WHAT IS REQUIRED: The response should be the records below, repeated exactly, with each picture left out.
--- DATA FOR THIS TASK ---
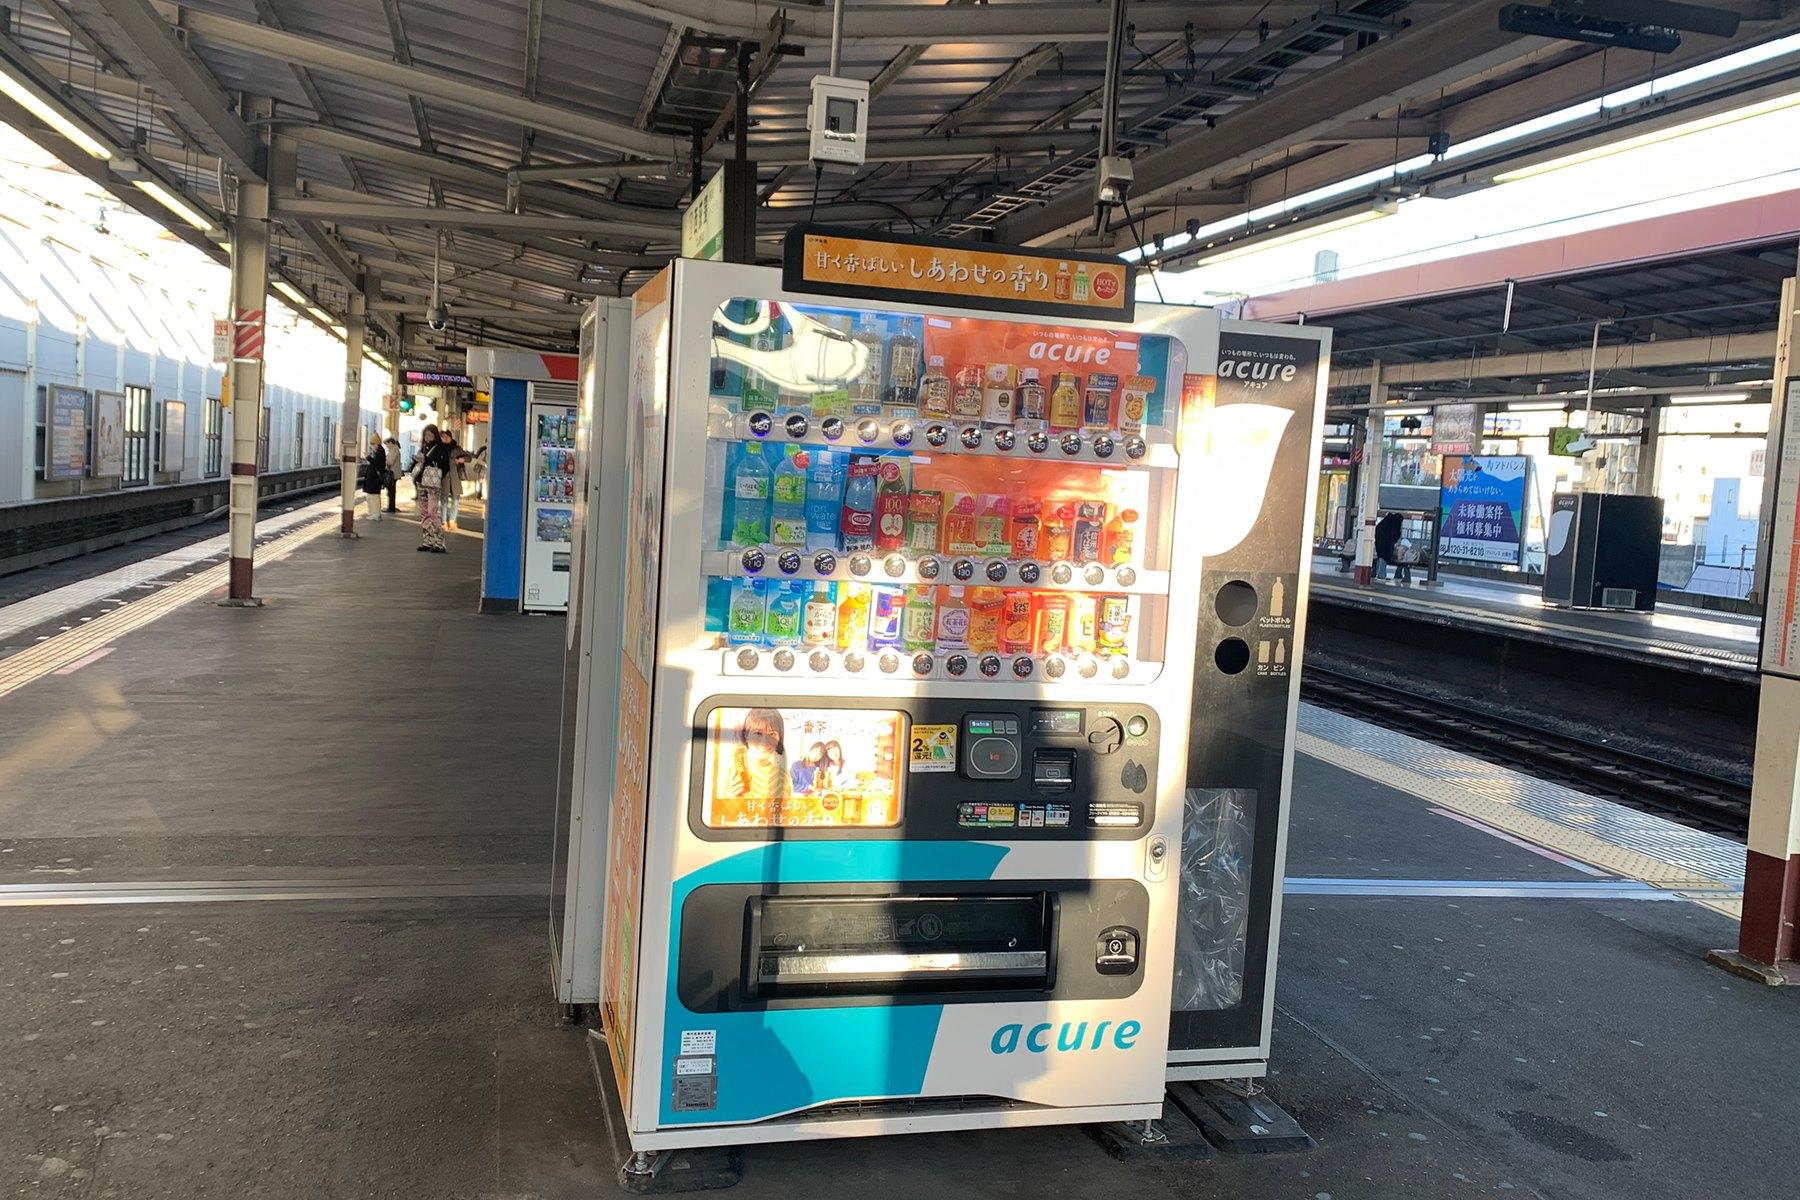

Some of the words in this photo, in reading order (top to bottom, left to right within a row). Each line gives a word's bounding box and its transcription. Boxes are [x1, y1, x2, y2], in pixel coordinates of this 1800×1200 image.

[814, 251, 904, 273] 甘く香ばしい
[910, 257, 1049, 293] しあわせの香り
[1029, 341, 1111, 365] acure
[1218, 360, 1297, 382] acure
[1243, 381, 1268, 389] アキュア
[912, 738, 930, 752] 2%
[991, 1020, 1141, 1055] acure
---
COMPLETED TASK:
Some of the words in this photo, in reading order (top to bottom, left to right within a row). Each line gives a word's bounding box and its transcription. Boxes are [x1, y1, x2, y2], in pixel coordinates of this 1800×1200 image.

[814, 251, 904, 273] 甘く香ばしい
[910, 257, 1049, 293] しあわせの香り
[1029, 341, 1111, 365] acure
[1218, 360, 1297, 382] acure
[1243, 381, 1268, 389] アキュア
[912, 738, 930, 752] 2%
[991, 1020, 1141, 1055] acure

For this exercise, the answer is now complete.